Fast forward to the hospital, and I was a little nonplussed. I was decked out in a gown, given a bed, and parked in it. It all seemed to me to be a bit of a to do given I was only going to have a chilli pepper patch applied.

Of course, this was before the patch was applied. Even having my leg covered in numbing anaesthetic cream and wrapped in clingfilm wasn't enough to stave off what was to follow. The burning continued long after I had returned to the ward.

“That’s a good sign,” the doctor assured me. “It shows that it’s working.”

Puts a whole new slant on the phrase “if it ain’t hurting it ain’t working”.

By the time I got home I’d abandoned any thoughts of restraint when it came to painkillers. I was on the full dose. The Moore household turned into the zombie household from my point of view, and the weekend was a write-off.

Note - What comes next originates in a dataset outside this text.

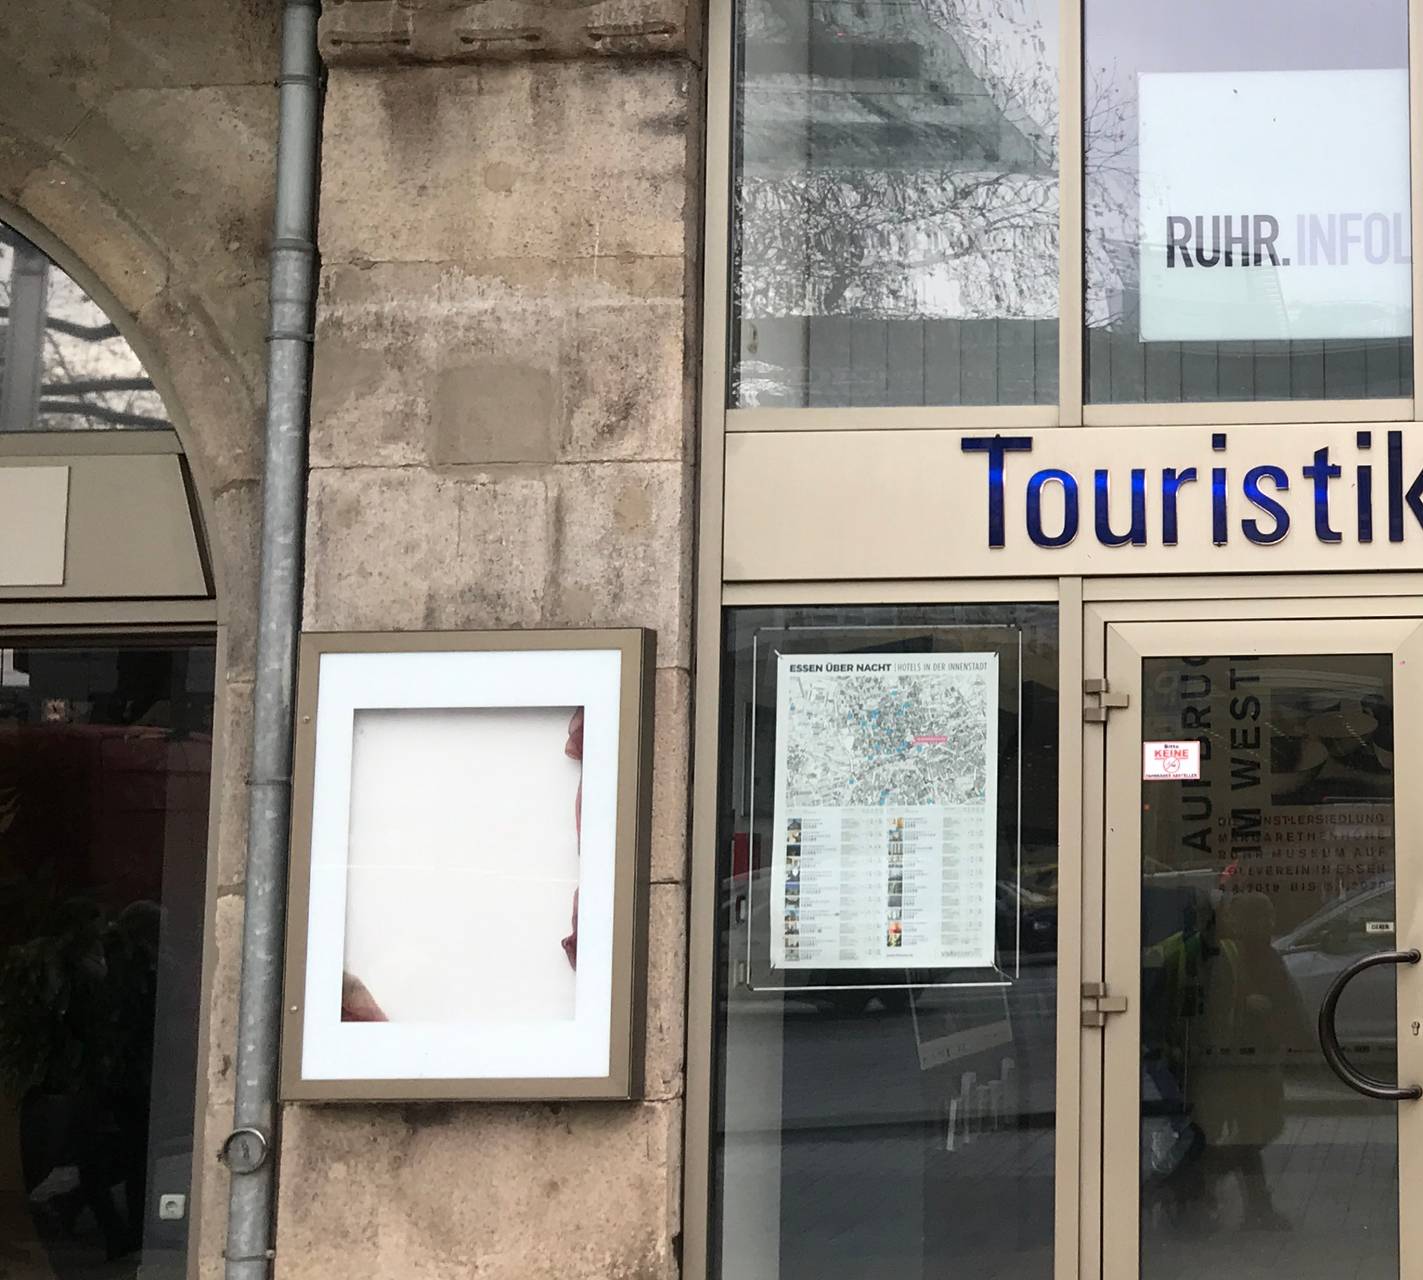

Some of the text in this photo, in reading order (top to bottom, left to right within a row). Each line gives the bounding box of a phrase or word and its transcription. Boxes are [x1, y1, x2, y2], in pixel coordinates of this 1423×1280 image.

So did it work? Well, not really. For me, that’s been the sting in the tail of the chilli. The pain persists.

I was warned that the success rate was only about 50 per cent, and that even then I was likely to have to go in for follow-ups. Dr Mihaylov said only two of his patients hadn’t needed them.

Would I try it again? Well, yes. I’m just awaiting the follow-up conversation with the pain clinic to discuss whether that would be a sensible option.

At least if there is a next time I will know what’s coming, and I’ll be able to take steps to mitigate it, perhaps by taking the max dose of painkillers in advance.

What is also encouraging is that treatments like this are coming on stream (capsaicin has actually been around for a few years now).

Research into pain is ongoing. Steven Pete is playing a role. As the Science Museum video makes clear, his condition is caused by a mutation in a gene controlling just one protein. Its absence stops it from being transmitted. If they could use that knowledge to develop new treatments, then who knows.

In the meantime, I’ve been doing what I’ve been doing for the past six years: my best to put the discomfort in the background by keeping myself as busy as possible and writing pieces like this. It’s an imperfect remedy. It isn’t always effective, and it requires the drugs alongside it. But for now, it’s the best I can do.